The fisherman raised his
eyebrows. "Arden?" He began to talk again in his tongue,
sounding amazed; the kingdom of Arden lay many miles in the north. As
far as Cam knew, he was the first Ardishman to have ever visited this
desert.

As they sailed upriver, the
rivulets began to gather into a single stream—the mighty Kae. Fish
leaped in the water, a family of crocodiles stared from the rushes,
and when Linee gasped and pointed, Cam saw two hippopotamuses
battling in the distance. Storks and cranes cawed and flew overhead,
dipping to catch fish.

Many vessels sailed around them.
Some were humble fishing boats carrying baskets of flapping tilapia
and perch. Others were galleys of many oars, bearing treasures from
distant lands: parti-colored parrots in cages, exotic plants in pots,
and jugs of wine. Cam cringed to see one ship ferrying men and women
clad in rags, metal collars around their necks—slaves.

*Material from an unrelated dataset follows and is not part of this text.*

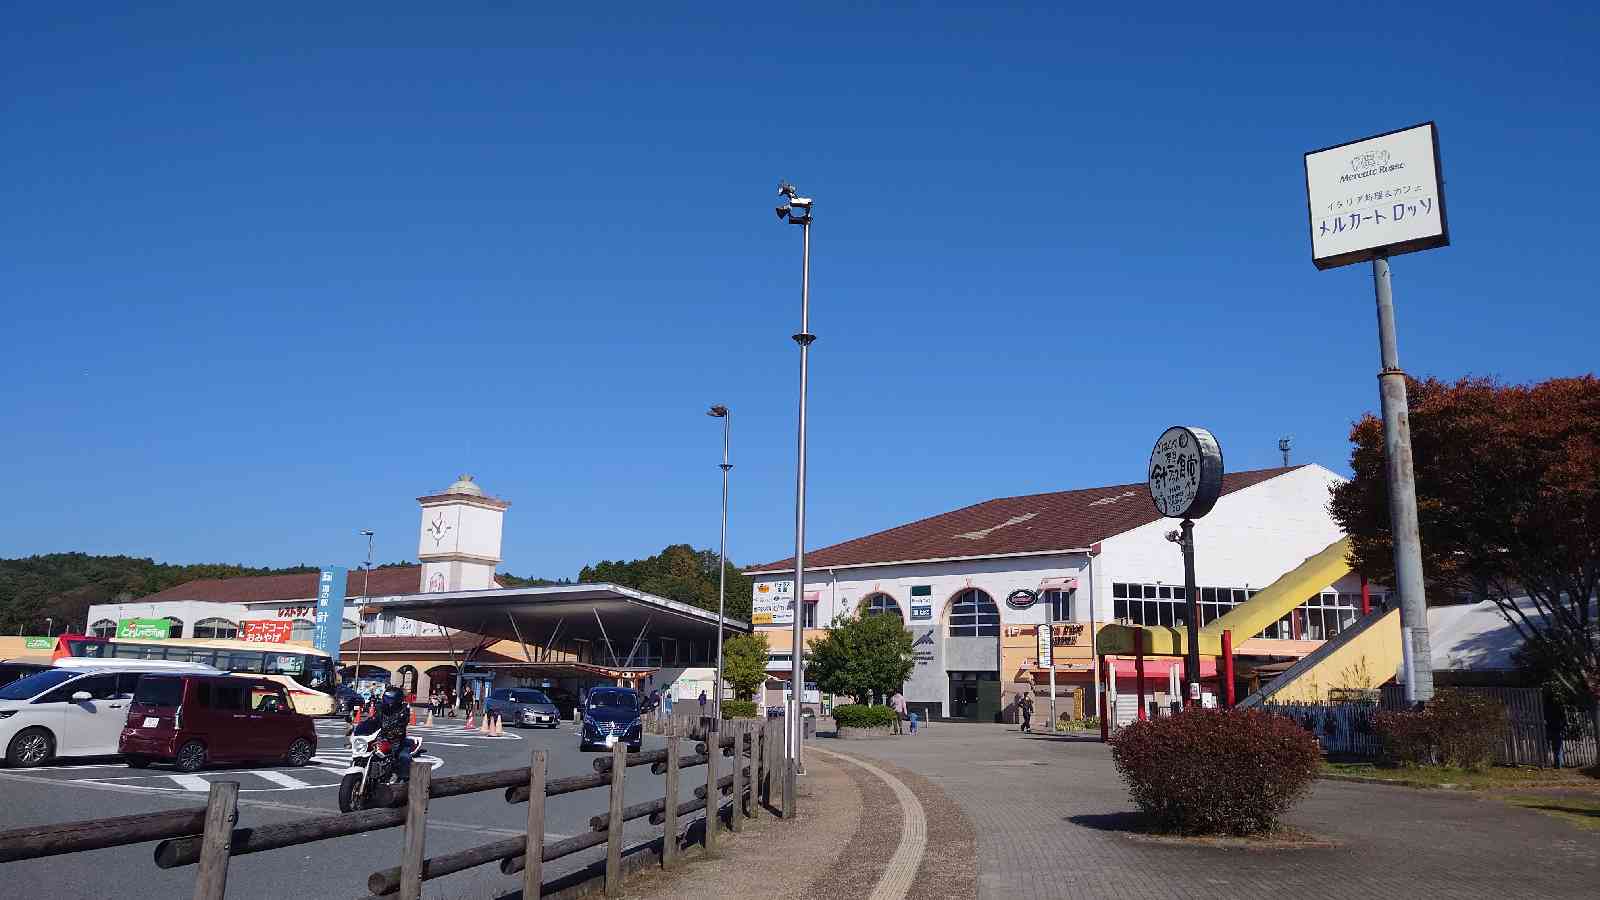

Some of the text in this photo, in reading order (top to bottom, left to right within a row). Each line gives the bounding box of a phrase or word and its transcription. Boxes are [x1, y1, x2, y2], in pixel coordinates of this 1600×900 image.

Soon the city of Kahtef appeared
upon the horizon, and Cam watched it approach. Sandstone walls grew
from an oasis of palm, fig, and sycamore trees. Scorpion banners beat
atop turrets, and upon the city battlements stood guards in
breastplates, round helms hiding their heads, spears and bows in
their hands. Behind the walls, Cam could make out the tips of tall,
narrow buildings capped with platinum. A gatehouse rose around the
river ahead; the water flowed between two towers and under a stone
arch, entering the city like a road through gates. It seemed to Cam a
city as exotic as anything he'd seen in the night.

The fisherman pointed at
himself. "Izmat. Izmat." He pointed at Cam and Linee and
raised his eyebrows.

Cam tore his eyes away from the
city. He pointed at himself. "I am Cam." He pointed at
Linee next. "This is Linee, my companion."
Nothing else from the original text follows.